WHAT THE TASK ASKS: Pictures excluded, return every entry exactly, please.

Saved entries
.....

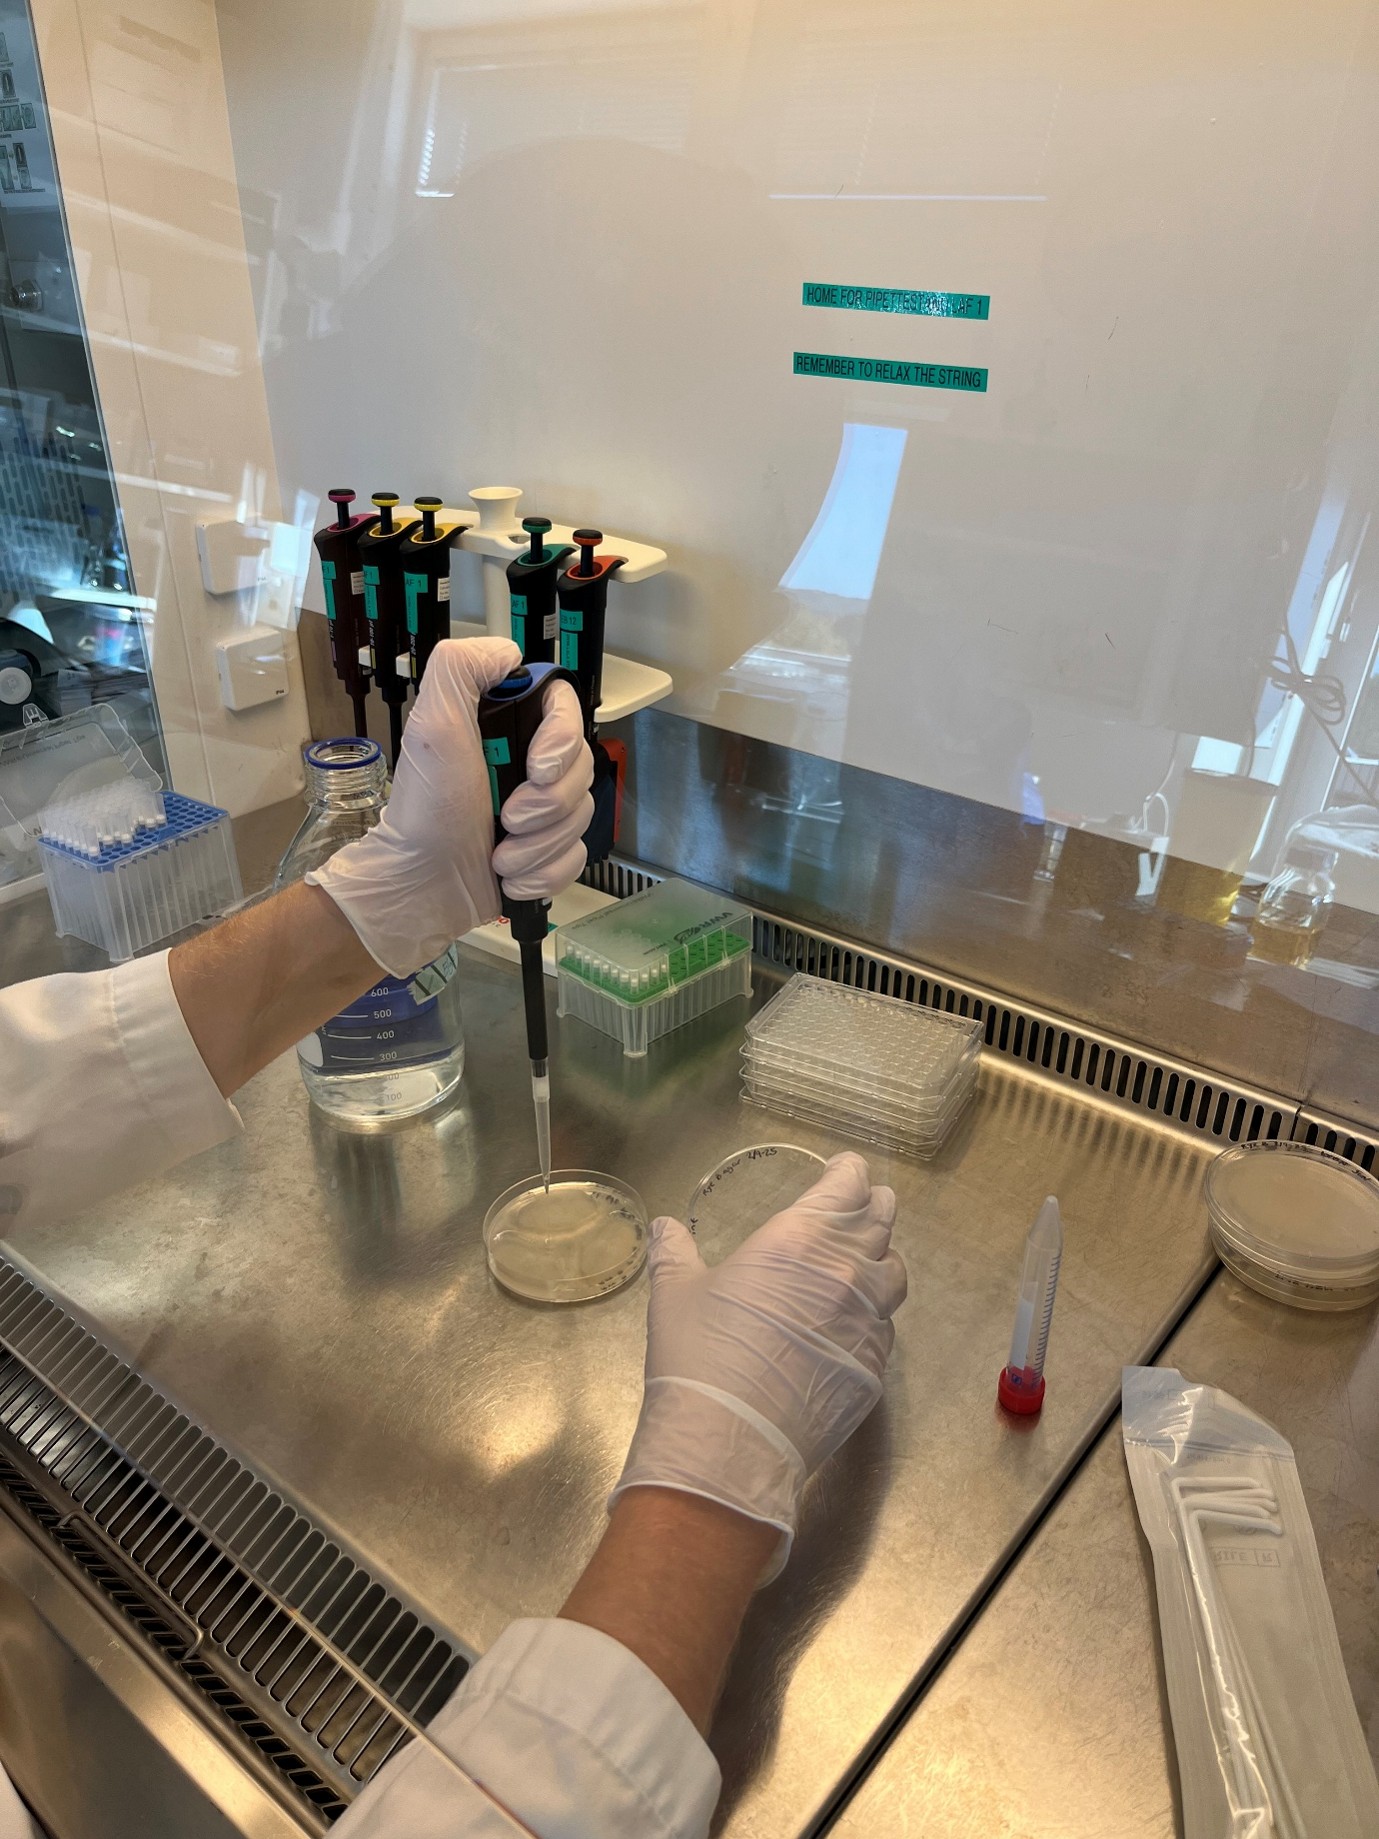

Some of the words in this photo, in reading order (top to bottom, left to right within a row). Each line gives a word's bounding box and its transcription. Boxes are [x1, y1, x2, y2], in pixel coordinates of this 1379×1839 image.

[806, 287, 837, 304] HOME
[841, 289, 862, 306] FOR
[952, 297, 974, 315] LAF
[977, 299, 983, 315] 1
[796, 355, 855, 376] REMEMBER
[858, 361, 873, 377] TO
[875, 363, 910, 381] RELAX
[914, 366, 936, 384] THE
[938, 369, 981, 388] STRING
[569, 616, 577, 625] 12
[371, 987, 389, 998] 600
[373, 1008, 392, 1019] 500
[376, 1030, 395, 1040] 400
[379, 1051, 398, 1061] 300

.....

RESPONSE TO THIS EXERCISE:
Some of the words in this photo, in reading order (top to bottom, left to right within a row). Each line gives a word's bounding box and its transcription. Boxes are [x1, y1, x2, y2], in pixel coordinates of this 1379×1839 image.

[806, 287, 837, 304] HOME
[841, 289, 862, 306] FOR
[952, 297, 974, 315] LAF
[977, 299, 983, 315] 1
[796, 355, 855, 376] REMEMBER
[858, 361, 873, 377] TO
[875, 363, 910, 381] RELAX
[914, 366, 936, 384] THE
[938, 369, 981, 388] STRING
[569, 616, 577, 625] 12
[371, 987, 389, 998] 600
[373, 1008, 392, 1019] 500
[376, 1030, 395, 1040] 400
[379, 1051, 398, 1061] 300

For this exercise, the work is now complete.